Vale per tutti e tre gli elementi la regola della forza politica della maggioranza del parlamento che, più è forte, più stringerà e metterà i vincoli per non farsi usurpare un potere che gli spetta. La realtà ci dice che molte leggi delega hanno avuto tutte il tempo limitato, ma quanto a oggetto definito e a precisione dei criteri direttivi dei principi il parlamento è sempre stato molto poco attento.

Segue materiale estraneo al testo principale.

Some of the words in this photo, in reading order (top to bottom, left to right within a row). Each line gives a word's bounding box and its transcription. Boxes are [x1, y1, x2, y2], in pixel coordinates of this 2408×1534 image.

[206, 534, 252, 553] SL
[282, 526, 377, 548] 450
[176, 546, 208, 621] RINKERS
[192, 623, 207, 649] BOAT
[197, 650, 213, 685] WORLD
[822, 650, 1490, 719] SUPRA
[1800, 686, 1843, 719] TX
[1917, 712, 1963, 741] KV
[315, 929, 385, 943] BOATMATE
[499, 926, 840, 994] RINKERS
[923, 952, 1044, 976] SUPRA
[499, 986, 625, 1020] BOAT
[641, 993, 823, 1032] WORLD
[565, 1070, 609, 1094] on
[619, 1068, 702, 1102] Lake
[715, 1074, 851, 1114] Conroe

Altre caratteristiche della legge delega, molto importanti:

  • La costituzione stabilisce una riserva di assemblea per la legge delega (non la può approvare una commissione deliberante parlamentare). La può approvare solo l’aula nel suo complesso.
  • La legge delega può avere come destinatario unicamente il governo nel suo complesso e non un singolo ministro.
  • Ci sono poi altri limiti un po’ problematici perché non previsti in costituzione, ma comunque importanti. Essi scattano quando il tempo entro il quale il parlamento delega il governo è superiore ai due anni. Una legge infatti ha introdotto un limite procedurale, ossia: quando la legge delega prevede un termine superiore ai due anni, lo schema di decreto legislativo del governo prima di andare dal capo dello stato per l’emanazione, deve tornare in parlamento per far sì che le commissioni parlamentari competenti possano esprimere un parere motivato sullo schema di decreto legislativo del governo. Il parere, quando la delega eccede di due anni, è il classico parere obbligatorio ma non vincolante. Lo devo chiedere ma posso anche non rispettarlo. Il governo si assume la responsabilità, non dovrebbe formulare un decreto legislativo nel quale il parlamento non ne condivide la sostanza. È quindi un parere importante.

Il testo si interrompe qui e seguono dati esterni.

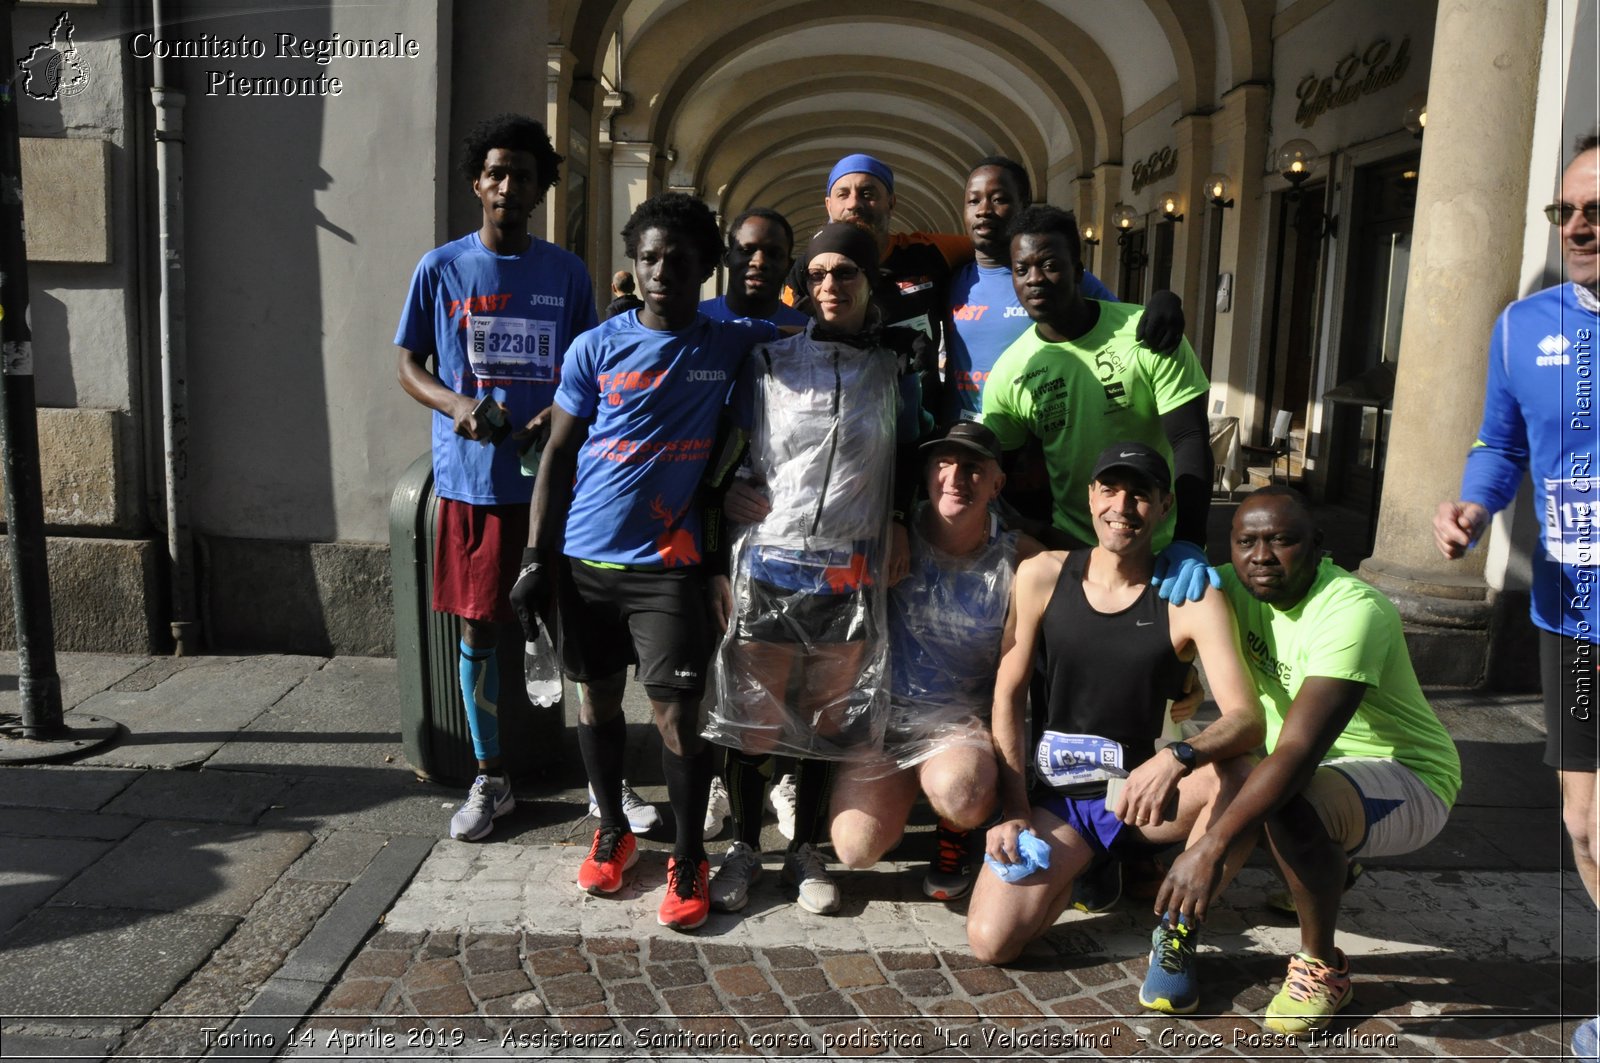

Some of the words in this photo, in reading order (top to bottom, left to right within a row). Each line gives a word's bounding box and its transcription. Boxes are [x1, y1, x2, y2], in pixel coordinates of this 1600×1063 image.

[489, 333, 536, 354] 3230
[1095, 350, 1114, 382] 5
[597, 370, 669, 393] T-FAST
[1053, 749, 1096, 766] 1327

Qual è il problema principale del limite procedurale introdotto da una legge e non dalla costituzione? Una legge può vincolare un’altra legge? L’unica fonte che può porre dei vincoli al decreto legislativo è la costituzione, non una legge uguale al decreto legislativo come forza di legge. Sì è vero, il governo quando approva un decreto legislativo (fonte primaria) è vincolato solo dalla costituzione, tuttavia i limiti procedurali stabiliti con la legge debbono essere rispettati da un punto di vista politico ma soprattutto vi è il ruolo fondamentale della corte costituzionale. Essa prende il decreto legislativo e lo può dichiarare incostituzionale, anche rifacendosi ai pareri espressi dalle commissioni parlamentari. Può quindi dire che quel decreto ha violato il parere delle commissioni parlamentari, oltre che i principi della legge delega (o l’oggetto definito).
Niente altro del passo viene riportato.